Chain not broken unless independent and unforeseeable.
- 4. Grossness: Must amount to crime in jury’s eyes (R v Bateman, Misra: risk of death must be obvious).
- Apply to scenario: Identify duty > Show breach > Prove causation > Was it grossly negligent?
Fraud
- Fraud Act 2006, s2: Fraud by false representation.
- AR: False or misleading representation made knowingly; can be express or implied (e.g., use of card).
- MR: (1) Dishonesty (Ivey test), (2) Intent to cause gain/loss, (3) Knowledge of possible falsity.
- R v Adams: Clarified intent and falsehood awareness.
- Applies to written, spoken, or online statements. Includes omitted facts if misleading.
Defences
- Duress: Threat of serious harm. Must be immediate and unavoidable. Not for murder (R v Howe). R v Hasan:
Association with criminals removes defence.
- Duress of Circumstances: Emergency situation, same test as above (R v Martin).
- Necessity: Rare. Only where harm avoided is greater (Re A).
- Intoxication: Voluntary = only defence to specific intent if D lacked MR (Sheehan); Basic intent = no defence
(Majewski). Involuntary = possible (R v Kingston).

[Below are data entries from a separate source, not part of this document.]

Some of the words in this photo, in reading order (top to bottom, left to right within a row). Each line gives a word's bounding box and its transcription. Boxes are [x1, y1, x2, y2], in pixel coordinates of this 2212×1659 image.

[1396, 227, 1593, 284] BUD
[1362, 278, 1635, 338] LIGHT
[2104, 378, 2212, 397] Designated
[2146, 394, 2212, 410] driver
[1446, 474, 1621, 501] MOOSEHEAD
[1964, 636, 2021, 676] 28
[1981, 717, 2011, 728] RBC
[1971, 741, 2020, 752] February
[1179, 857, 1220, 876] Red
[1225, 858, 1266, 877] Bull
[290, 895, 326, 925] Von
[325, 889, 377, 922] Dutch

- Self-defence: Honest belief needed (R v Gladstone Williams). Must be proportionate (CJIA 2008). Householder =
more leeway unless grossly excessive.
- Insanity: M’Naghten rules. Internal condition caused loss of understanding (R v Kemp). Must not know act or
wrongness (R v Windle).
- Automatism: External cause (Quick = insulin). Total loss of control needed (AG Ref No 2 of 1992).
- Consent: Only valid for minor harm (sports, tattoos). Not valid for serious harm (R v Brown). R v Wilson allowed
branding as private matter.
- Mistake: Honest belief may negate MR (R v Morgan). Must relate to fact, not law.

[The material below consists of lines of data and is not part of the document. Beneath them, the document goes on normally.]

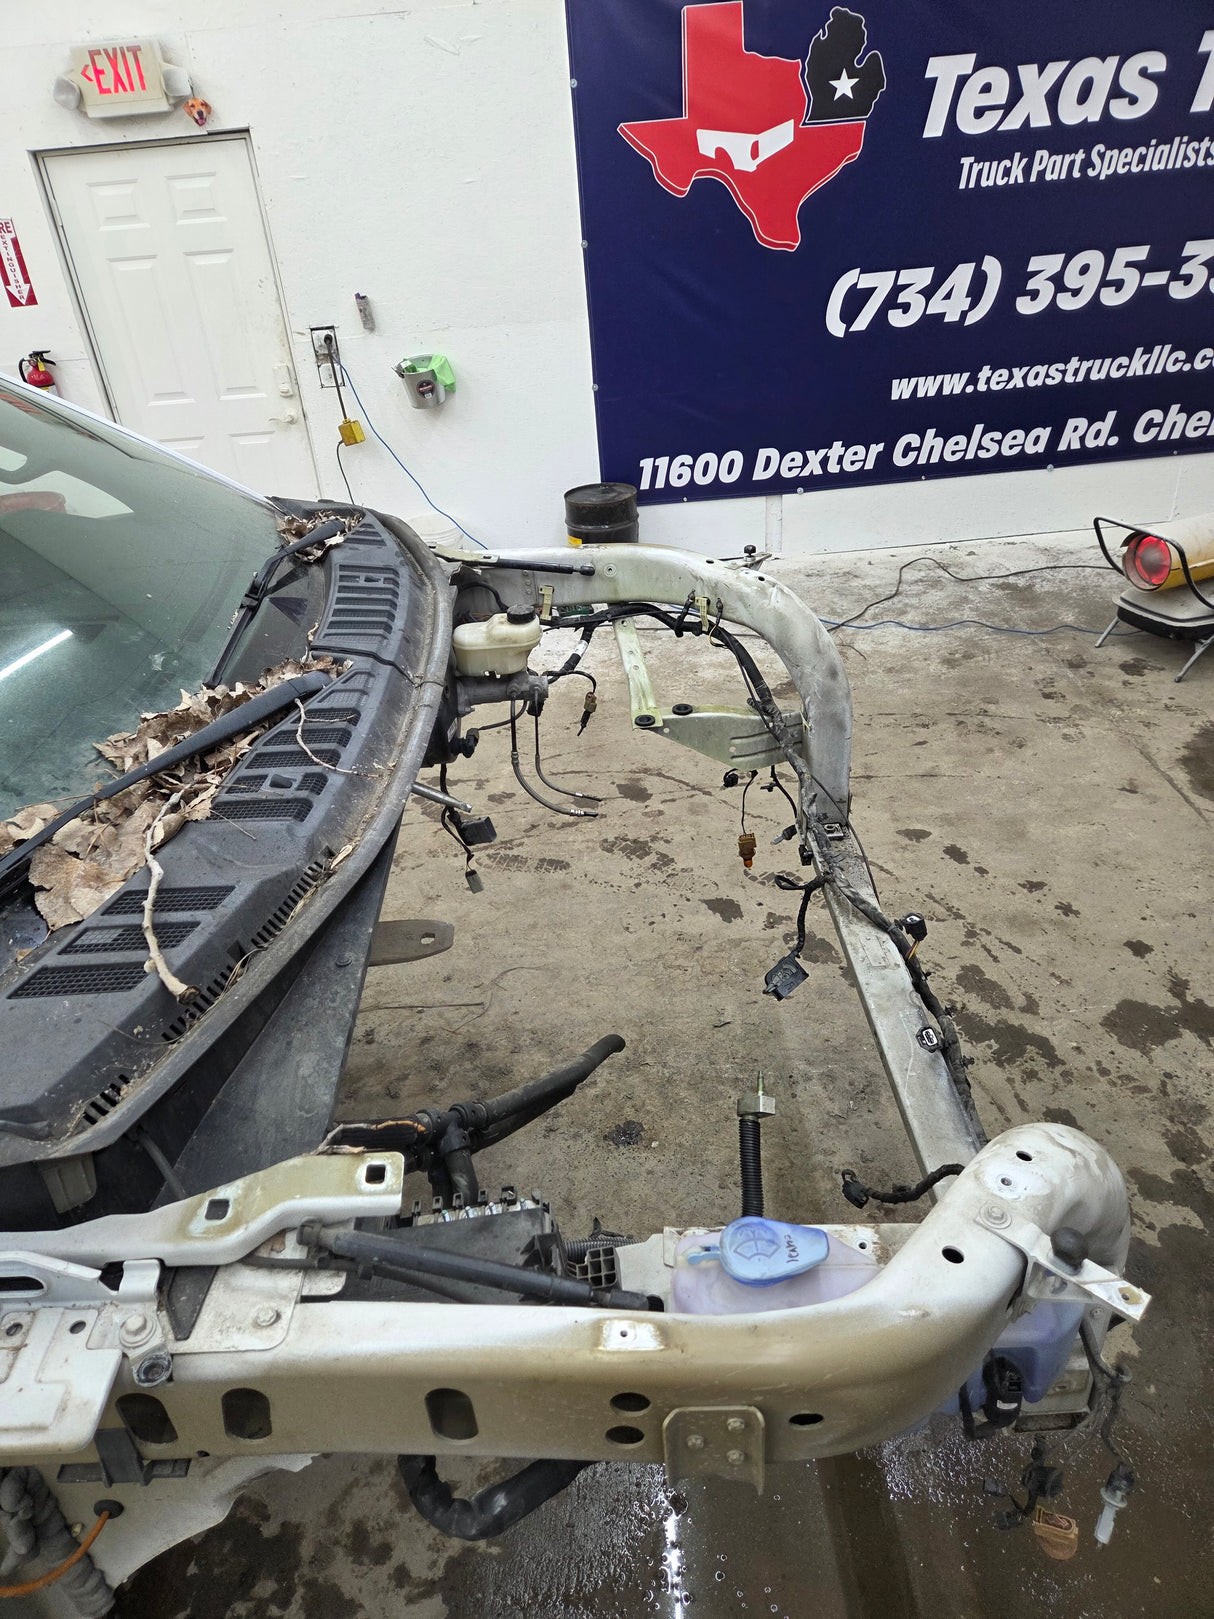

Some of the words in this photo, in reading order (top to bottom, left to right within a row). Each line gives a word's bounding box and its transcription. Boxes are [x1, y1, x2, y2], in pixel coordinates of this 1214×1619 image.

[88, 45, 147, 95] EXIT
[922, 50, 1167, 139] Texas
[958, 152, 1028, 190] Truck
[1029, 149, 1086, 183] Part
[0, 234, 25, 300] EXTINGUISHER
[825, 254, 1002, 338] (734)
[1015, 238, 1214, 315] 395-3
[890, 343, 1214, 401] www.texastruckllc.c
[639, 450, 744, 491] 11600
[752, 440, 885, 481] Dexter
[892, 423, 1052, 467] Chelsea
[1056, 410, 1119, 452] Rd.
[1133, 403, 1214, 443] Che

- Loss of Control: CJA 2009. Trigger (fear/anger) + loss + similar person (R v Clinton). No planning allowed.
Police Powers
- Stop & Search (PACE s1): Must be based on reasonable suspicion. Can’t rely on stereotypes. Code A: Record
required.
- Arrest (PACE s24): Reasonable grounds + necessity test (e.g., prevent harm, investigation). D must be told
grounds.
- Detention: 24 hrs max (36 for serious offences). Must inform rights: legal advice, silence, review.
- Search: s18 (premises after arrest), s32 (search of person/property at arrest). Must be linked to offence.